• _WHAT YOU ARE ASKED TO DO_: Would you please return the data below verbatim, without its pictures?

Stored data entries:
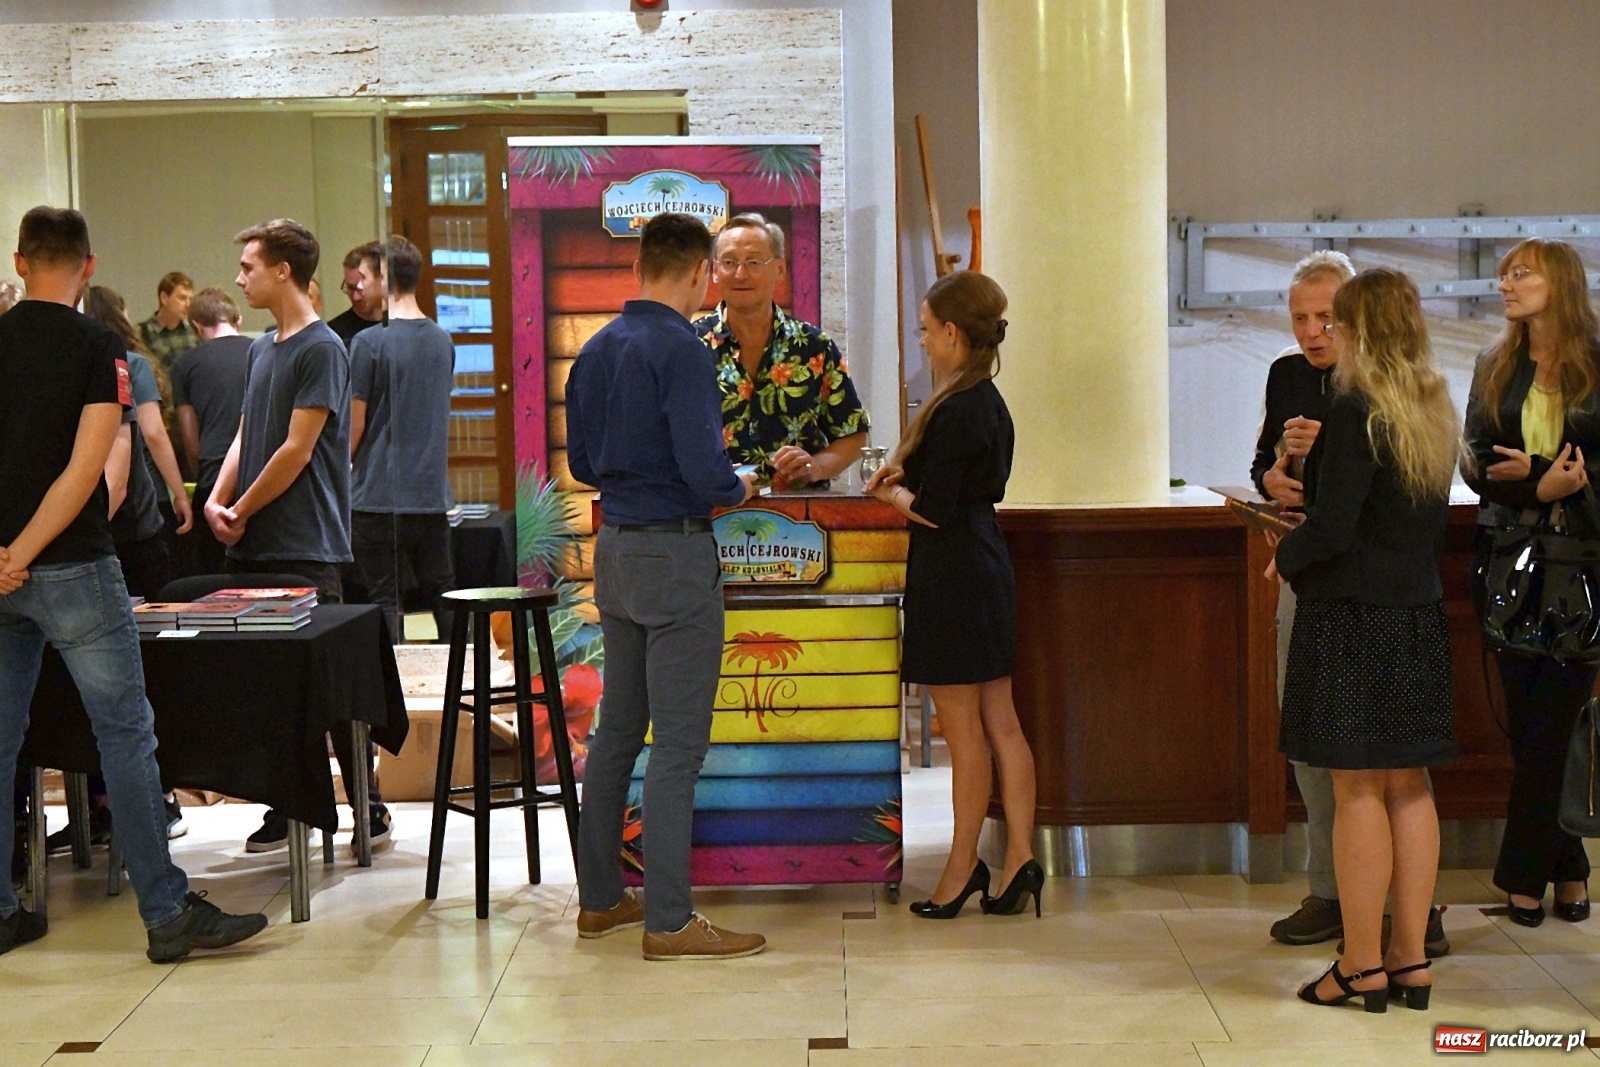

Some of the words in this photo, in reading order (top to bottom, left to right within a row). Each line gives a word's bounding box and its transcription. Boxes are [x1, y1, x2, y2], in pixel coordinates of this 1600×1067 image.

[608, 202, 660, 217] WOJCIECH
[665, 202, 725, 216] CEJROWSKI
[721, 545, 745, 558] ECH
[750, 545, 821, 562] CEJROWSKI

• _OUTPUT OF THE EXERCISE_:
Some of the words in this photo, in reading order (top to bottom, left to right within a row). Each line gives a word's bounding box and its transcription. Boxes are [x1, y1, x2, y2], in pixel coordinates of this 1600×1067 image.

[608, 202, 660, 217] WOJCIECH
[665, 202, 725, 216] CEJROWSKI
[721, 545, 745, 558] ECH
[750, 545, 821, 562] CEJROWSKI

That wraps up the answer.